■ Required action ■
Extract the records in full, leaving every picture out.

(Dataset entries)
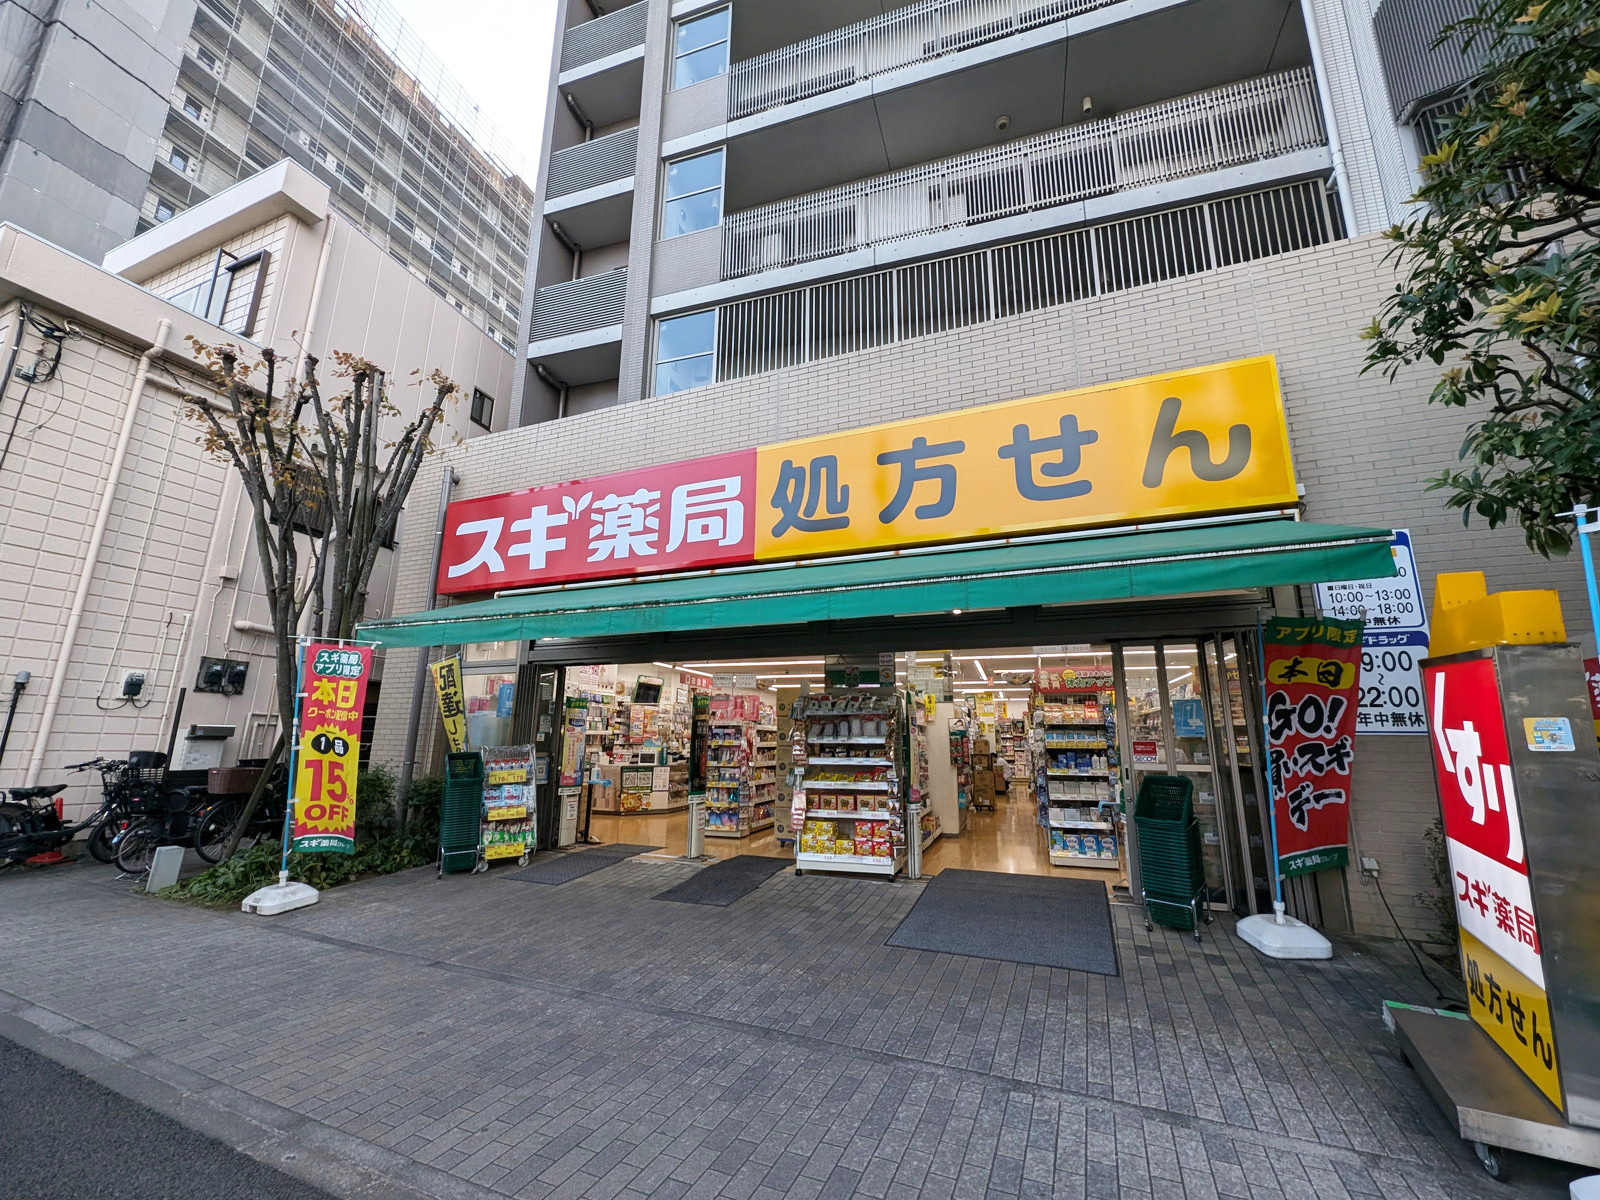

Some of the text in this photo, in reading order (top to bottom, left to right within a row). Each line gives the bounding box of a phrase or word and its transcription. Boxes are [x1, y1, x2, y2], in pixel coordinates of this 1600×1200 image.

[770, 397, 1253, 538] 処方せん
[447, 475, 745, 580] スギ薬局
[1276, 624, 1358, 644] アプリ限定
[316, 663, 362, 676] アプリ限定
[319, 652, 359, 665] スギ薬局
[1277, 657, 1344, 688] 本日
[1361, 650, 1413, 673] 9:00
[311, 678, 359, 709] 本日
[1268, 690, 1346, 743] GO!
[1434, 671, 1524, 864] くすり
[304, 804, 349, 822] OFF
[1288, 783, 1343, 828] デー
[1456, 870, 1542, 955] スギ薬局
[1466, 953, 1553, 1070] 処方せん

■ Task result ■
Some of the text in this photo, in reading order (top to bottom, left to right within a row). Each line gives the bounding box of a phrase or word and its transcription. Boxes are [x1, y1, x2, y2], in pixel coordinates of this 1600×1200 image.

[770, 397, 1253, 538] 処方せん
[447, 475, 745, 580] スギ薬局
[1276, 624, 1358, 644] アプリ限定
[316, 663, 362, 676] アプリ限定
[319, 652, 359, 665] スギ薬局
[1277, 657, 1344, 688] 本日
[1361, 650, 1413, 673] 9:00
[311, 678, 359, 709] 本日
[1268, 690, 1346, 743] GO!
[1434, 671, 1524, 864] くすり
[304, 804, 349, 822] OFF
[1288, 783, 1343, 828] デー
[1456, 870, 1542, 955] スギ薬局
[1466, 953, 1553, 1070] 処方せん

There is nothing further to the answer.